Mark Hacking volunteered the alias "Jonathan Long" when a jailer asked him, "Have you ever used another name — that could be for anything?" He did not say why he adopted the name or how he used it and authorities did not ask, Salt Lake County Sgt. Rosie Rivera said.
Three days before Hacking reported his wife Lori Hacking missing July 19, police believe she discovered her husband had lied to her about being enrolled in a North Carolina medical school.
Police arrested Hacking on Monday on evidence including a bloody knife found in his bedroom, a discarded mattress and a reported psychiatric ward confession.
Hacking also allegedly told a "reliable" witness July 24 he had killed his wife as she slept and dumped her body in a trash bin, a court filing revealed Tuesday.
That tip, coupled with another from a neighbor and other evidence, are leading officers to believe they will eventually find the remains of Lori Hacking in a county landfill.
Their search through 3,000 tons of trash was to resume Wednesday night with the help of cadaver dogs.
It would not be unusual for a defendant to volunteer an alias during a jail booking, Rivera said. Hacking was booked Monday in a mental health wing of the Salt Lake County jail.

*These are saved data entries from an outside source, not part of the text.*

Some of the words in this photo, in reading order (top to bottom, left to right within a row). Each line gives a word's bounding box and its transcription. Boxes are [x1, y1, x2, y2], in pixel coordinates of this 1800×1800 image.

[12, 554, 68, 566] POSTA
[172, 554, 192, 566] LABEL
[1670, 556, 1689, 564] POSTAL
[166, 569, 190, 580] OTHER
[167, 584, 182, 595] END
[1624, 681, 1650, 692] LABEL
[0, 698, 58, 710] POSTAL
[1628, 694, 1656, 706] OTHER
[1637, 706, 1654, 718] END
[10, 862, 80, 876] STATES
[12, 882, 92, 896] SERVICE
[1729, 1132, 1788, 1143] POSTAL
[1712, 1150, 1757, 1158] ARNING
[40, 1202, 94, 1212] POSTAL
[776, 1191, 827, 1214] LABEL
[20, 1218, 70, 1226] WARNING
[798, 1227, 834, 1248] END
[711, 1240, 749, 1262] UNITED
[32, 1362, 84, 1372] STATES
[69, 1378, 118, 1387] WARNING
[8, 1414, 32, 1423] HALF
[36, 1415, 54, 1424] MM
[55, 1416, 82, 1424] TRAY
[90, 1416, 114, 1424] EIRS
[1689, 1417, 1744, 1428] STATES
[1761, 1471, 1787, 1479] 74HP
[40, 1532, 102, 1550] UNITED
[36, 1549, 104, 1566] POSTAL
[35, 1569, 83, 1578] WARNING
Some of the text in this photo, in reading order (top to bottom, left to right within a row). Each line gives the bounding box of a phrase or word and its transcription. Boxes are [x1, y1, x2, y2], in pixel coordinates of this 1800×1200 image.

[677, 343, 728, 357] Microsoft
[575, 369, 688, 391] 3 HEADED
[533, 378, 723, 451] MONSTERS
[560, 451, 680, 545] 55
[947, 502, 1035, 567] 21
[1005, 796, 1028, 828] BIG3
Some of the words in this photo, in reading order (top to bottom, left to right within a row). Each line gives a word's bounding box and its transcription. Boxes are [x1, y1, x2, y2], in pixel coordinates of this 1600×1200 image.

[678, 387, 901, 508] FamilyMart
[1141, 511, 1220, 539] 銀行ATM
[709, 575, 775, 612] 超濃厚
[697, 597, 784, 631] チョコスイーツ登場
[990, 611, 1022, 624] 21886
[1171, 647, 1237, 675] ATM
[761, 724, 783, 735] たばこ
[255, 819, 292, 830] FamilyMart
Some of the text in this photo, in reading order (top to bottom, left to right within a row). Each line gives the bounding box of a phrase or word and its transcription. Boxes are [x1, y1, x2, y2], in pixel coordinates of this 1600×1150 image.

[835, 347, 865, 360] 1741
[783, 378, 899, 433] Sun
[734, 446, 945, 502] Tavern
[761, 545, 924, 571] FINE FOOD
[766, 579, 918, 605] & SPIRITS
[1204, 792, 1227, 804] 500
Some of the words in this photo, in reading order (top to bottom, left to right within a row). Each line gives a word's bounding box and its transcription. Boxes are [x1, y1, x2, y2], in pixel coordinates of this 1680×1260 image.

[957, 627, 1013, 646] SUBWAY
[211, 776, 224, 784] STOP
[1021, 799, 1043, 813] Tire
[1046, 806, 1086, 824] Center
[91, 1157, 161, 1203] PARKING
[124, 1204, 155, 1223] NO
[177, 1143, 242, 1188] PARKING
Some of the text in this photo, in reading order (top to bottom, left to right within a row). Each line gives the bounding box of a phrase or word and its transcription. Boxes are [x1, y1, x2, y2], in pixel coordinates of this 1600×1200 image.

The jail has booked other Jonathan Longs in the past, but none are believed to have been Mark Hacking, she said. "We book 30,000 people a year, so the odds of people having the same name are pretty good," she said.
She said the other Jonathan Longs used various middle initials and had different dates of birth than Mark Hacking's, who was born April 24, 1976, the fifth of seven children to a respected Mormon family in Orem, Utah. His father, Douglas Hacking, is a pediatrician.
Jailers determined there was no criminal record under the name Jonathan Long and Hacking's date of birth, Rivera said. Hacking has no criminal history in Salt Lake County, she added.
A judge set Hacking's bail Tuesday at $500,000, Salt Lake County District Attorney David Yocom said. Hacking's attorney, D. Gilbert Athay, did not return a phone message.
Yocom said he still is reviewing the case and asked police to conduct more witness interviews.
The prosecutor said he was uncertain he could file charges in the 72 hours required by law after Hacking's arrest and may ask the court for an extension.
Yocom declined to say whether he would seek the death penalty.
Lori Hacking had told friends she was five weeks' pregnant, based on a home pregnancy test. If her body is found and the pregnancy is confirmed, prosecutors could add an additional murder charge.